Concurrently, we developed a Decision Support System (DSS) utilising Google Earth Engine (GEE) to facilitate data-driven decision-making for land degradation monitoring and restoration planning. This involved training and capacity development on using GEE to map land based on the specific needs of a country. This included adding geospatial layers and assets to GEE, running scripts to visualise and analyse land degradation indicators and customising it for the team's specific context. As a result, they could use the tool to determine restoration planning and Sustainable Land Management implementation plans.
GEO LDN - Colombia
We strive for a balanced use of our land and ecosystems, especially in the case of the Tropical Dry Forests in the Alto Patia area of Colombia. Not only are they unique ecosystems, often undervalued by even environmental experts, but they also serve social and economic services. Our team met with the community members living in the area to assess how it was possible to conserve both the land and biodiversity of such ecosystems while allowing for continued agricultural practices and other developments.

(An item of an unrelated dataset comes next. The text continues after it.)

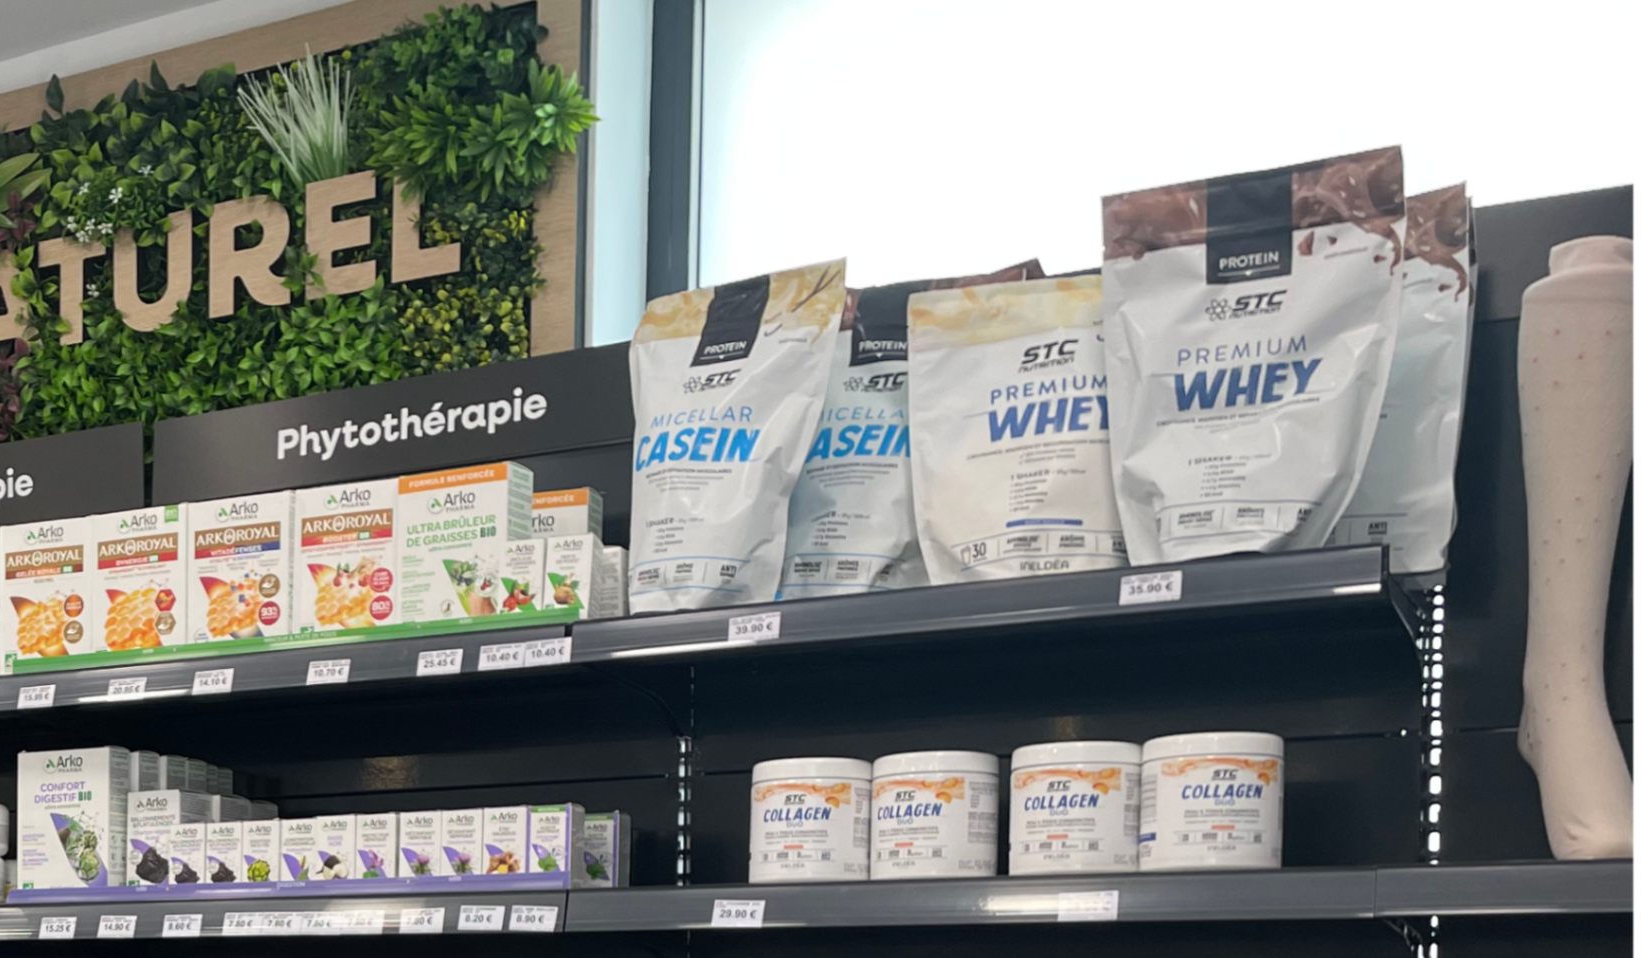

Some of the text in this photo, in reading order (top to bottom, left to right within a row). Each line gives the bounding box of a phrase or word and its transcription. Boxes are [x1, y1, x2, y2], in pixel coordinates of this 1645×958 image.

By mapping the area using a GEE tool and developing a Decision Support System (DSS), we enhanced the local community's capacity to create a specific zonation that identifies the tropical dry forest as a protected area at the national level. In an effort to protect the biodiversity of this unique ecosystem, the team collaborated with the National Park Association to support the development of this project. By mapping Tropical Dry Forests and including them in national assessments, the team could push for them to be declared as a newly protected area. The GEE Tool and the incorporation of the Alto Patia Dry Forests into the DSS estimate the level of degraded lands at 75.5%, which is significantly higher than the national average of 29.7%, underscoring the need for immediate protection and restoration efforts. With its assessment of land cover changes, the tool also allowed them to prioritise what areas to restore.
Ghana
Land Degradation (LD) is worsened by and contributes to the climate crisis. As such in Ghana, the country team aimed to address LD and enhance climate resilience through community action planning. Through the integration of Spatial Data, we supported their goals of more effective decision-making by authorities and communities for land use planning. The LDN DSS tool enabled the characterisation of three different zones for Community Action Plans by converging diverse datasets, including those on key biodiversity areas, precipitation patterns, soil organic carbon, topography and land productivity dynamics.

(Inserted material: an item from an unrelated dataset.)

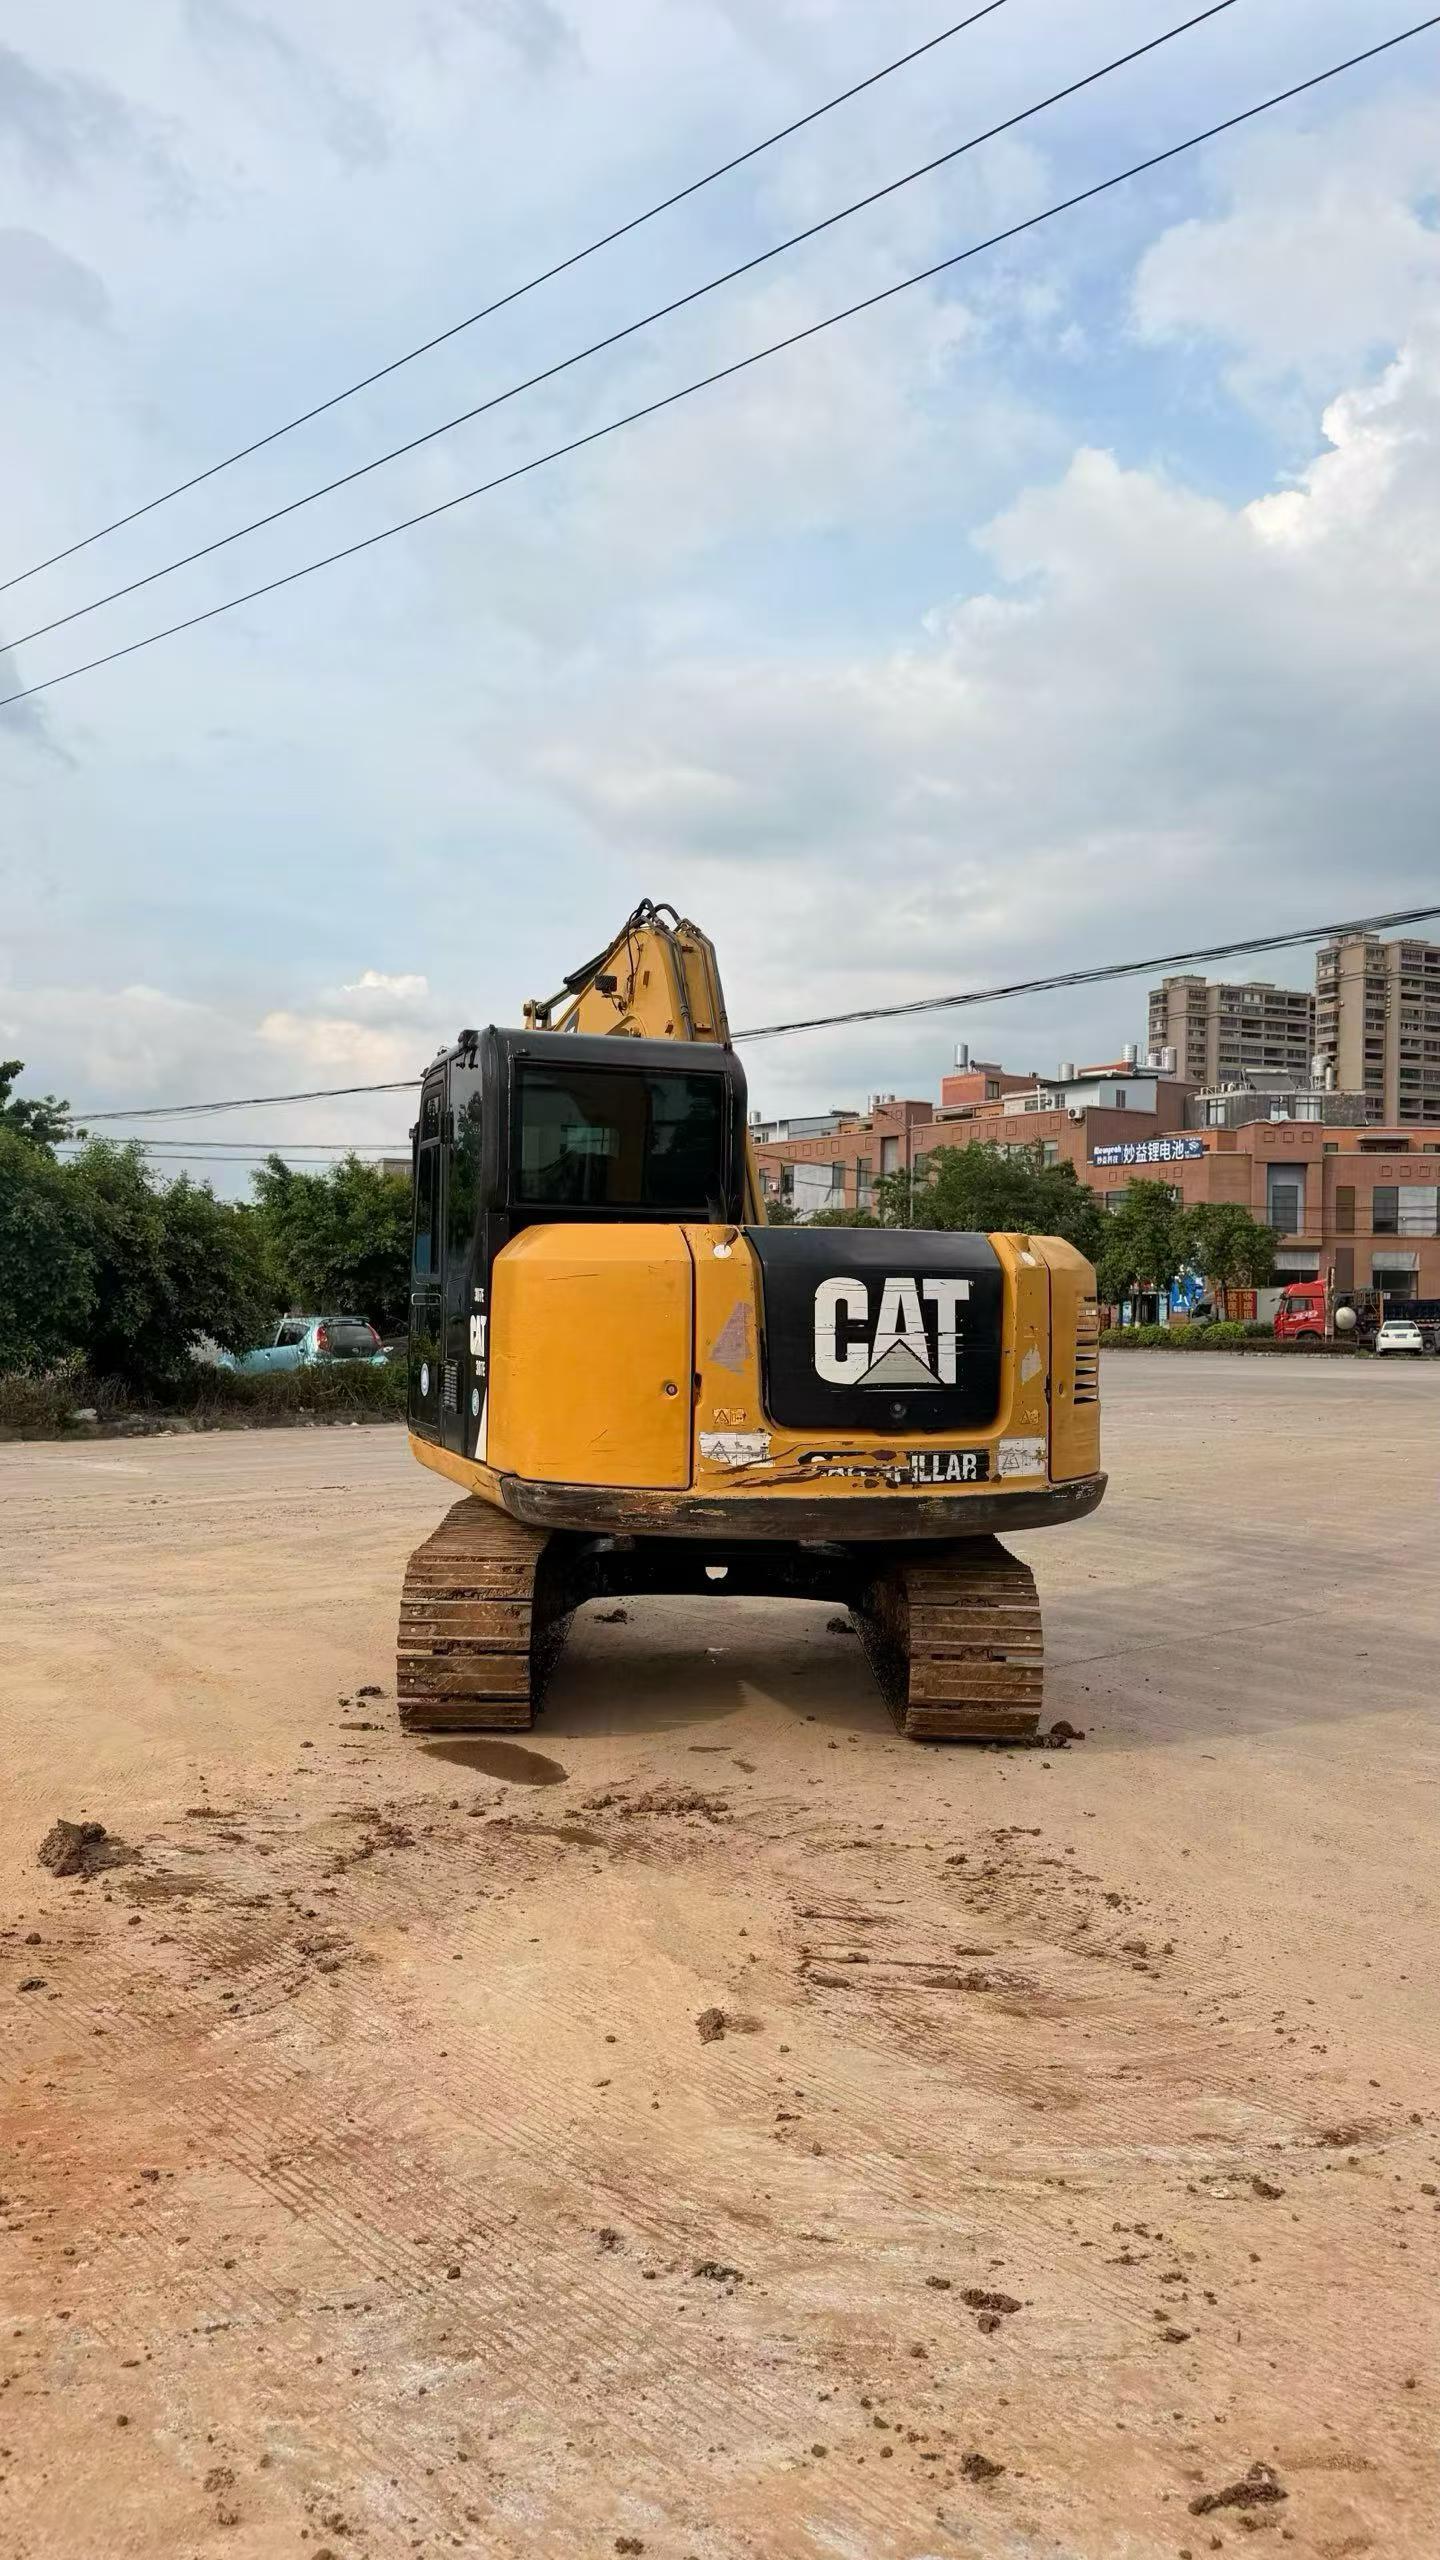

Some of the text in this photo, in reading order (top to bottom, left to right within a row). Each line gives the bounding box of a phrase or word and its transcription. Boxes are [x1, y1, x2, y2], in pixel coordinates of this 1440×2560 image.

[1123, 1140, 1184, 1163] 妙益锂电池
[470, 1315, 487, 1357] CAT
[815, 1277, 969, 1384] CAT

With this multicriteria analysis approach, the Ghana team was able to prioritise communities and their action plans to increase climate resiliency for the most vulnerable members. This systematic approach supported the principle of convergence of evidence, ensuring that planning decisions were well-informed and data-driven. As part of this support, capacity development and training on the use of Google Earth Engine (GEE) became a cornerstone of the project's success, enabling them to carry out a national estimation of LDN indicators. The future goal is to continue on the ground assessments with communities in other districts to verify the datasets and continue improving upon current best practices, which, most importantly, are co-developed in a participatory approach with local stakeholders.